These are not democratic schools, but they do answer some of the questions I have about the way Leonard and I are working on projects for Summerhill Democratics:
- how do you involve people in education and get away from the top-down model?
- how do you make school founding affordable?
- how do you create a repeatable model that is cheap and effective?
Most important of all:
- how do you work outside the system?
Do What You Want to Do
The main advantage of a private school, from my point of view, is that it allows you to do what you want to do. If you do not want to work within the controls that state bureaucracies impose on their teachers and school administrators, going private gives you the possibility of offering an education that you choose. The freedom is not total but, provided you adhere to some basic norms to do with childcare and the curriculum, a democratic school should be legal.
I advocate for democratic schools so it perhaps seems inevitable that I would say they are the best option for developing countries. A democratic school, designed according to the model we propose, reduces the formal curriculum to the essentials, stresses self-learning through projects and activities and builds a meaningful community that puts school learning in context.
Contrast this with the international curriculum that comes pre-packaged from the government: irrelevant, decontextualised, created as though all children could and should learn the same things.
The Summerhill Democratics model, by contrast, emphasises a tight formal curriculum. We call it the reduced formal curriculum. This ensures that the essential skills and abilities are covered to enable children to undertake activities and projects where their interests and passions are given free rein to drive their achievement. It is not an easy option, but it offers more hope for children in difficult situations because it brings self-reliance, motivation and self-regulation to the fore.
Learning how to live in a democratic community and understanding the fundamental difference between freedom and licence is hopeful. Learning that there is an authoritarian structure of knowledge that comes from distant places far above your level is hopeless.

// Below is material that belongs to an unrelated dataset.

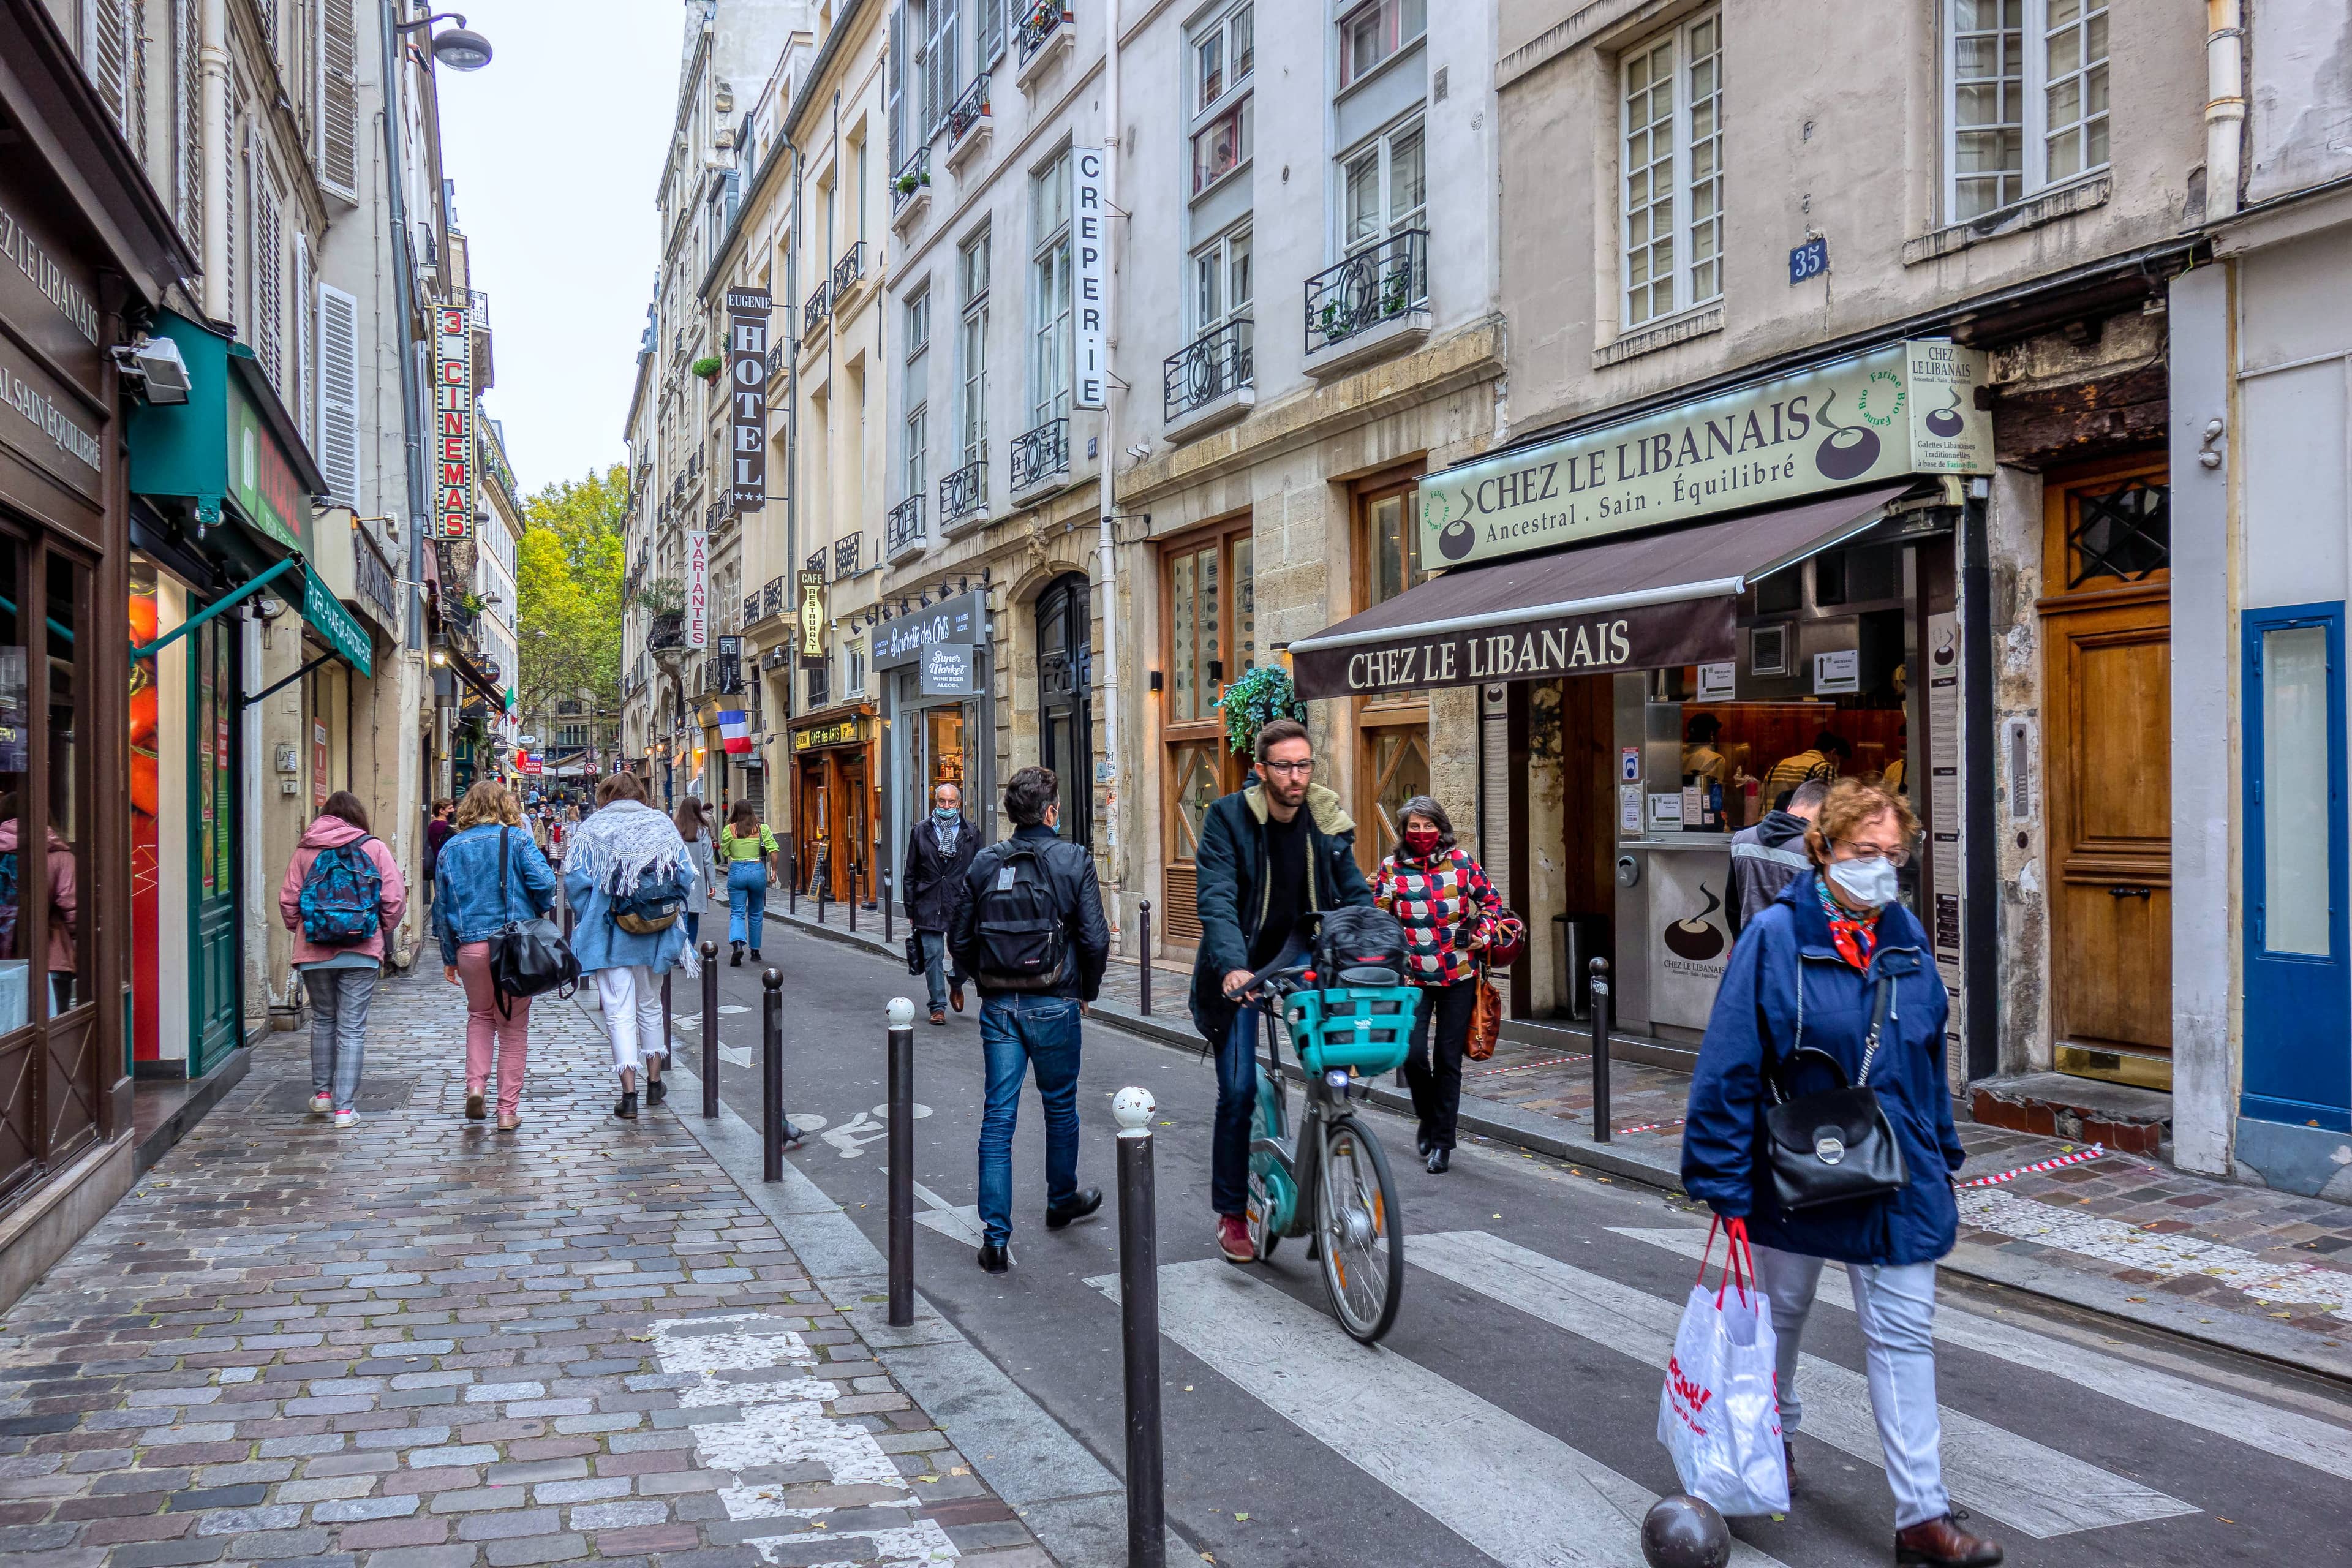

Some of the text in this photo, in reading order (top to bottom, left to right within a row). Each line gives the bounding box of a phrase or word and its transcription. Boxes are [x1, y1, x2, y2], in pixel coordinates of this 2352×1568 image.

James Tooley and Private Schools
James Tooley suggests that private schools are a better option for developing countries than mismanaged and corrupt state bureaucracies. The Omega schools and the similar programme that is running in India provide a model for quick, sustainable and hopeful education. Local teachers and educators can get on board with the projects quickly and adapt them to local needs.
It is not only state superstructures that are suspicious. In the light of the scandals with NGOs and Aid agencies, there is a strong argument for giving development money directly to the people who can spend it and use it. The Green Party in the UK argued strongly that development money should be given directly to women. There was an article in The Independent in March. The idea is not a new one: many years ago I heard that development money coming through the UN was being funneled directly to women.

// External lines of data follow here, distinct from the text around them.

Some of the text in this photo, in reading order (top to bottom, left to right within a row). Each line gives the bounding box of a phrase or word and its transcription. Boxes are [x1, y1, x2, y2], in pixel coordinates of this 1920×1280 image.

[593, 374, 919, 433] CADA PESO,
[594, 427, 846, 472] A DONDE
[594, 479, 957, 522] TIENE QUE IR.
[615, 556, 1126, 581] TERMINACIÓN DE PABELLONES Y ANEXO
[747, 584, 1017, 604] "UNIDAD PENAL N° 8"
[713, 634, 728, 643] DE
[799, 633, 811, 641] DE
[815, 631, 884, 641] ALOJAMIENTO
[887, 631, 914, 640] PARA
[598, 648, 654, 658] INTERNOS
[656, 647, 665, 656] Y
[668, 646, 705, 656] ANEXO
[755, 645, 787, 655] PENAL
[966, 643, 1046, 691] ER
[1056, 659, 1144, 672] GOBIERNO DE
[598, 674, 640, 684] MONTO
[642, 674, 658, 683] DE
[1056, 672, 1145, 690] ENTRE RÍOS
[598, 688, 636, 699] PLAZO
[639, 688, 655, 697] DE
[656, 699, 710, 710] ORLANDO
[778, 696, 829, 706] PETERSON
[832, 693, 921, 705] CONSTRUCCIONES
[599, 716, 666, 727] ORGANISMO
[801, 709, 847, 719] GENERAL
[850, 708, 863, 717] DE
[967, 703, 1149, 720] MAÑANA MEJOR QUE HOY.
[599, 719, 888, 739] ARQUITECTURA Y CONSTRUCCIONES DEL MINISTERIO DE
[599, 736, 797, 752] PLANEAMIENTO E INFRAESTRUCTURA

I don’t believe that women are any better at spending money than men- the point is to give people the ability to make decisions that affect their own futures. This is the principle behind democratic education: children should have the freedom to make choices; their parents should have the freedom to choose the kind of school their children want to go to.
Back On the Ranch
Meanwhile back on the ranch it is increasingly difficult to make substantial progress in the most stable modern democracies. Strong states take more and more powers to themselves. Everything is regulated and supervised by “experts”. Small-scale private schools are unheard-of. Something is wrong with this picture. It certainly doesn’t convince me, because I fell in love with the idea of freedom that Neill proposes. It is an idea that depends on human qualities that are far from the image of education that we have in our public education systems.
What do you think?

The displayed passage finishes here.